François Fillon est un adepte de la Formule 1. Et il a conduit comme un as du volant. En laissant les deux leaders de la course s’user aux avant-postes, se frotter dans les virages, dégommer leurs pneus et se neutraliser. Et aucun des deux n’a vu dans son rétroviseur arriver l’outsider, déboulant à fond la caisse pour remporter la couronne haut la main. Avec même une avance considérable en Bretagne sur Nicolas Sarkozy, parti au fossé.

Plus de 50%

dans les Côtes-d’Armor

Si Juppé fait en Bretagne un score équivalent à son niveau national, en revanche c’est le grand écart entre les ex-président et premier ministre de 2007 à 2012. Ici l’ordre protocolaire est totalement inversé puisque Fillon monte sur la première marche avec un score que personne n’aurait pu imaginer, pas même ses plus chauds supporters.

Dans les Côtes-d’Armor, il aurait même été élu au premier tour puisqu’il obtient la majorité dès la première manche (50,4%).

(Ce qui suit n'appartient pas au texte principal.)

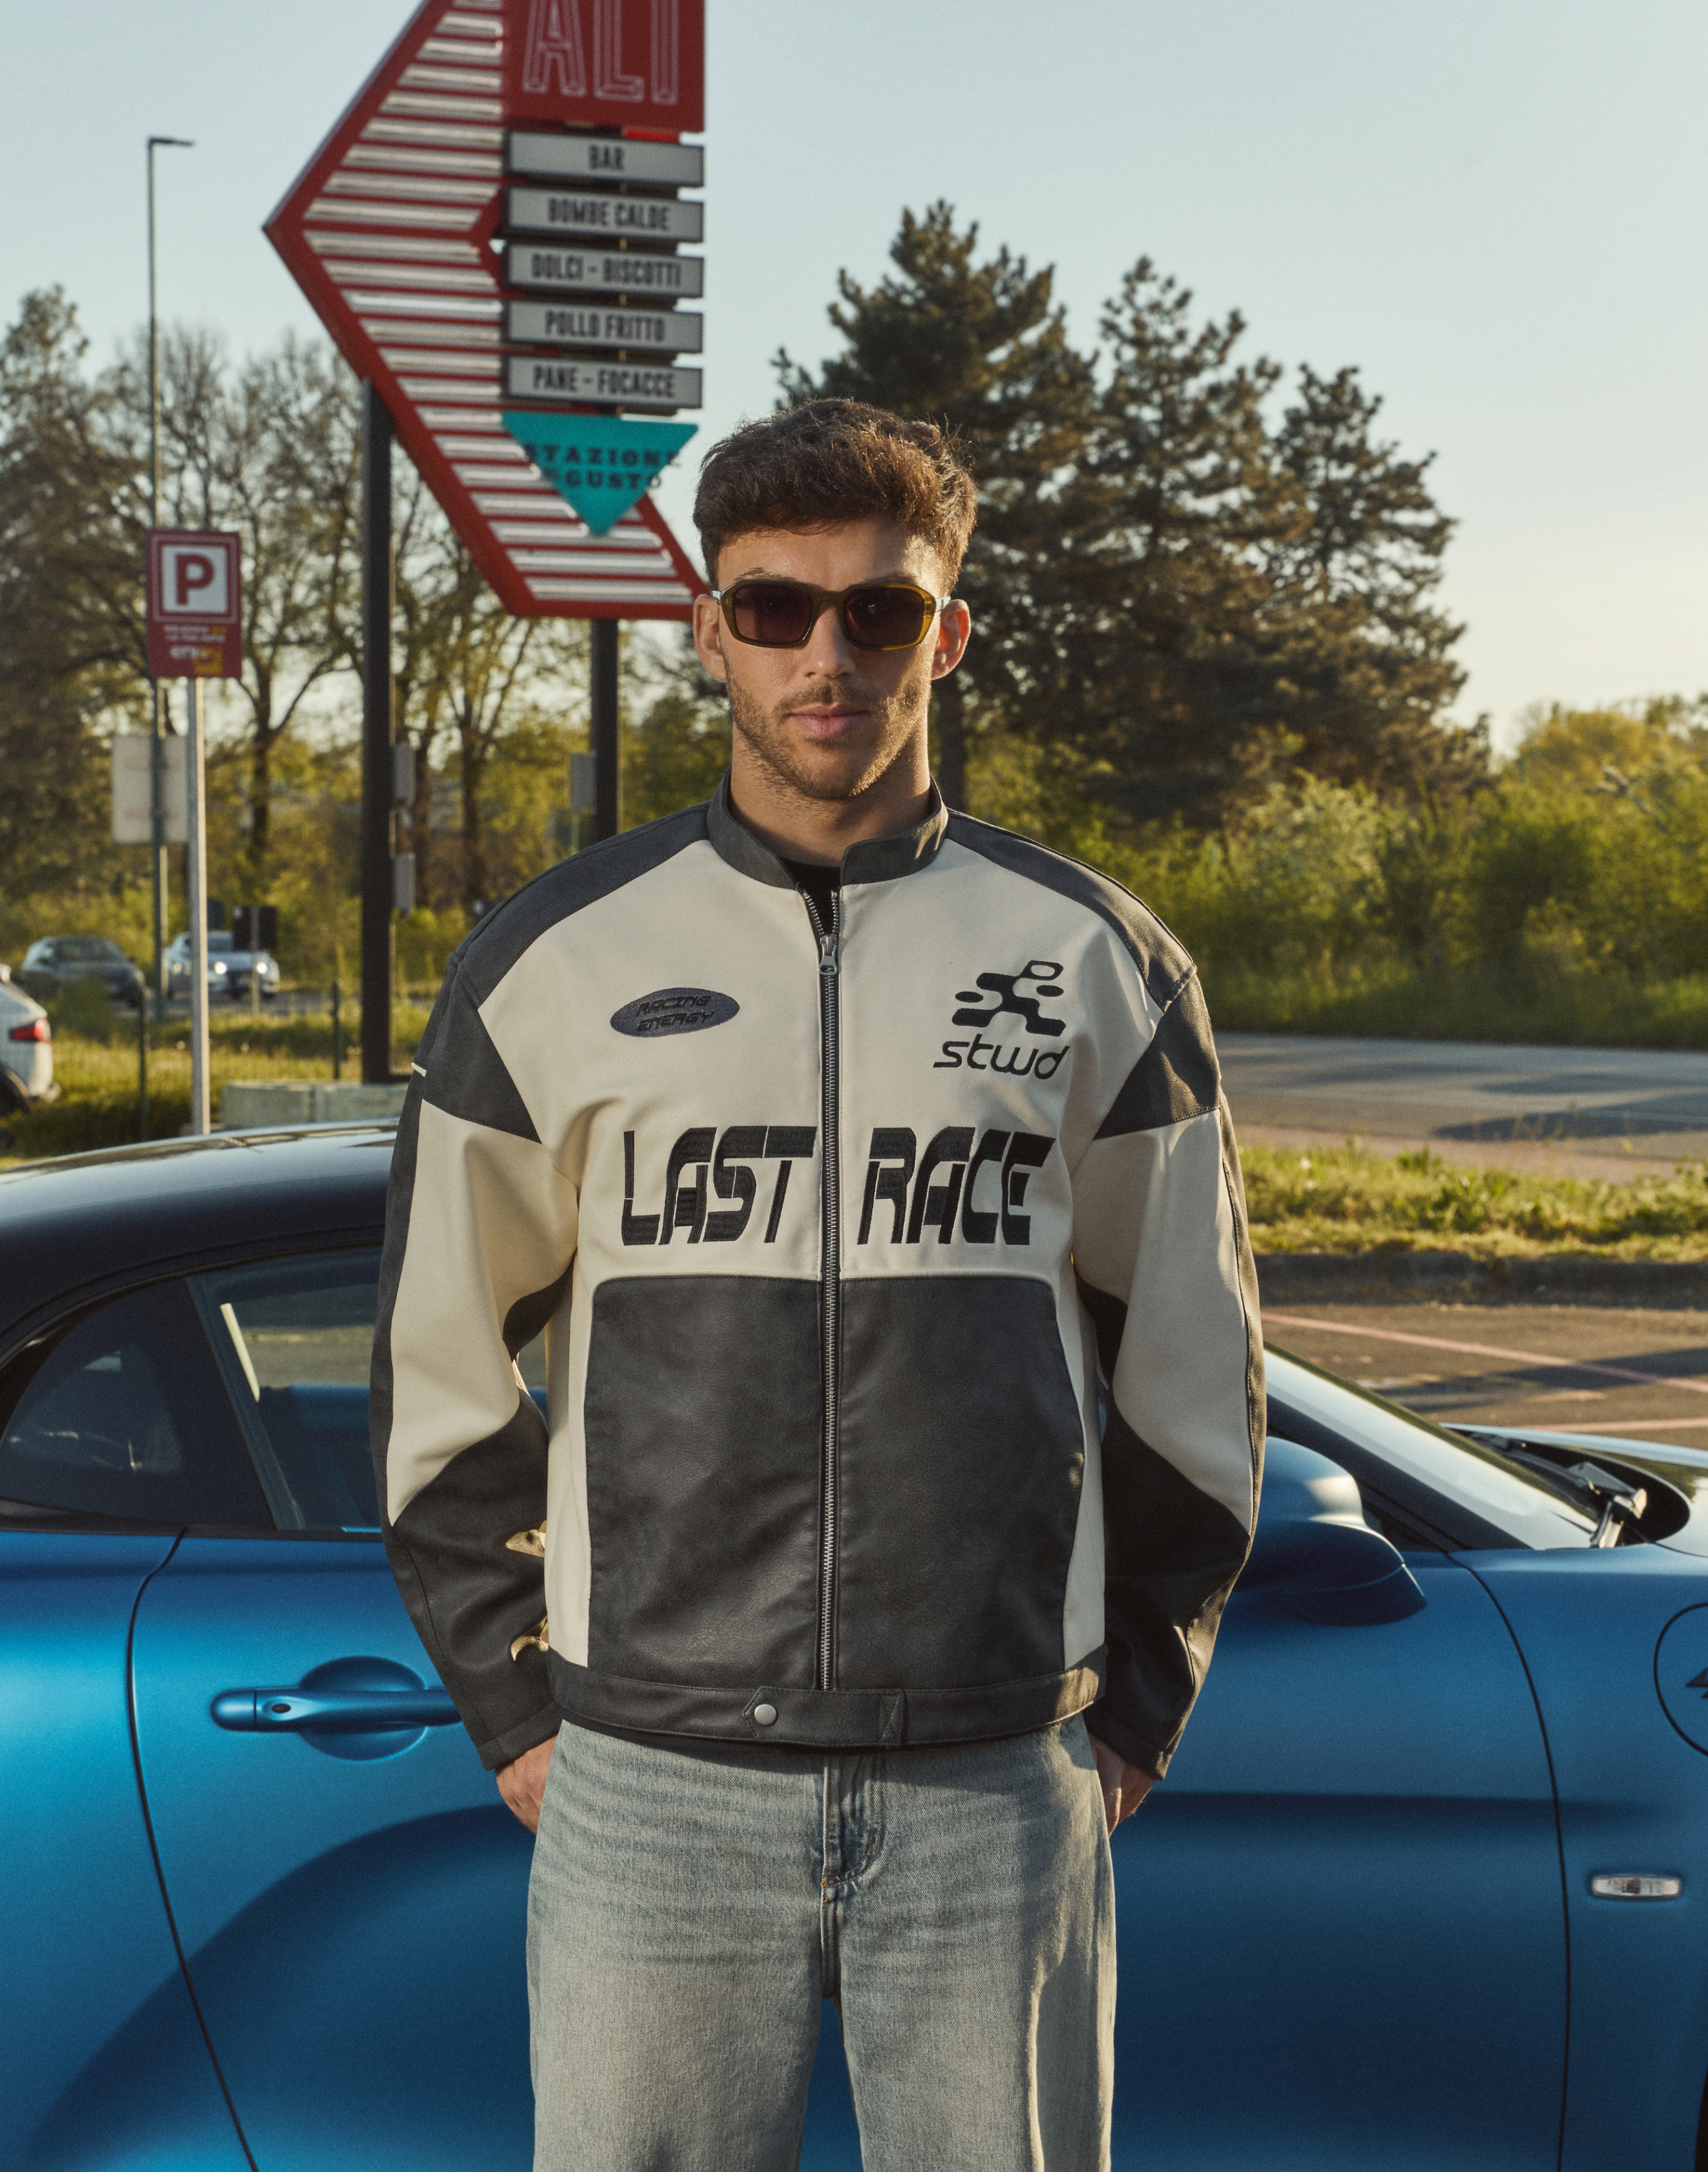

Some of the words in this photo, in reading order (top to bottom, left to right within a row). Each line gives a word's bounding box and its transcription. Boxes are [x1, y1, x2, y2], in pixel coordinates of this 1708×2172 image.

[522, 0, 678, 105] ALI
[589, 145, 624, 170] BAR
[548, 198, 609, 227] BOMBE
[615, 201, 670, 231] CALDE
[532, 253, 583, 281] DOLCI
[602, 257, 681, 287] BISCOTTI
[545, 310, 599, 338] POLLO
[605, 313, 665, 342] FRITTO
[533, 365, 577, 392] PANE
[597, 367, 675, 398] FOCACCE
[176, 554, 215, 606] P
[636, 995, 712, 1016] RACING
[636, 1010, 715, 1031] ENERGY
[933, 1033, 1070, 1079] stwd
[621, 1125, 817, 1246] LAST
[857, 1126, 1056, 1246] RACE

Certes, il s’agit d’un département rural, territoire dans lequel Fillon a obtenu des scores flatteurs mais quand on constate qu’il fait encore mieux en Loire-Atlantique (54%) malgré le poids de Nantes, force est de constater que Fillon n’est pas seulement l’élu des champs. Il a ratissé très large.

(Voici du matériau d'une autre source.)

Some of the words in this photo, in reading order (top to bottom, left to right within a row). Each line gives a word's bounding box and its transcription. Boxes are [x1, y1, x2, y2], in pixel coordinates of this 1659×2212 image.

Pour Sarkozy, à l’inverse, le coup de massue est brutal en Bretagne avec des scores faméliques. 13,9 % en Ille-et-Vilaine, 14,7 % en Finistère, 15,6 % dans le Morbihan et 16 % dans les Côtes-d’Armor. De toute évidence, les Bretons ne lui ont pas pardonné la série de dérapages qui ont marqué son quinquennat, comme avec aucune autre région. Du « J’me fous des Bretons » à sa défection annoncée pour la finale de Coupe Rennes-Guingamp, de son algarade sur les quais du Guilvinec a son commentaire malheureux « On ne peut pas forcer un médecin à s’installer à Morlaix », il a accumulé les passifs avec les Bretons qui ont la tête dure et la mémoire du même métal.

Législatives.

Tout remettre sur la table

L’ex-président, on l’aura remarqué, a d’ailleurs fait l’impasse sur la Bretagne au cours de la campagne électorale. Il n’est tout simplement pas venu ! Mais à la rigueur, on peut le comprendre. Chaque fois qu’il est passé en Armorique cabocharde, quelque chose a disjoncté. Il a préféré se tenir à distance pour ne pas être encore victime de ce signe indien et de ces amulettes qui s’enflammaient comme des allumettes à chacun de ses passages dans le Far-West breton.

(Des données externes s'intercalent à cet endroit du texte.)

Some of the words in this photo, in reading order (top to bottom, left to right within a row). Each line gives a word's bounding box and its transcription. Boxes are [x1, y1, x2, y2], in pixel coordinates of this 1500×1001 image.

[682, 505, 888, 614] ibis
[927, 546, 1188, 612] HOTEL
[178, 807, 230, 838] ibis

François Fillon est maintenant le grand favori pour le second tour. Et en cas de victoire, il va falloir rebattre quelques cartes en Bretagne, du moins pour les législatives qui suivront de près la présidentielle de 2017. Un exemple : Maël de Calan, proche de Juppé et Agnès Le Brun, maire de Morlaix et soutien de Sarkozy, avaient trouvé un bon compromis. Pour les législatives dans la circonscription de Morlaix, le candidat Les Républicains serait celui du camp vainqueur. C’était clair et net. Mais si Fillon l’emporte dimanche, il va falloir tout renégocier. A Morlaix comme dans nombre d’autres circonscriptions.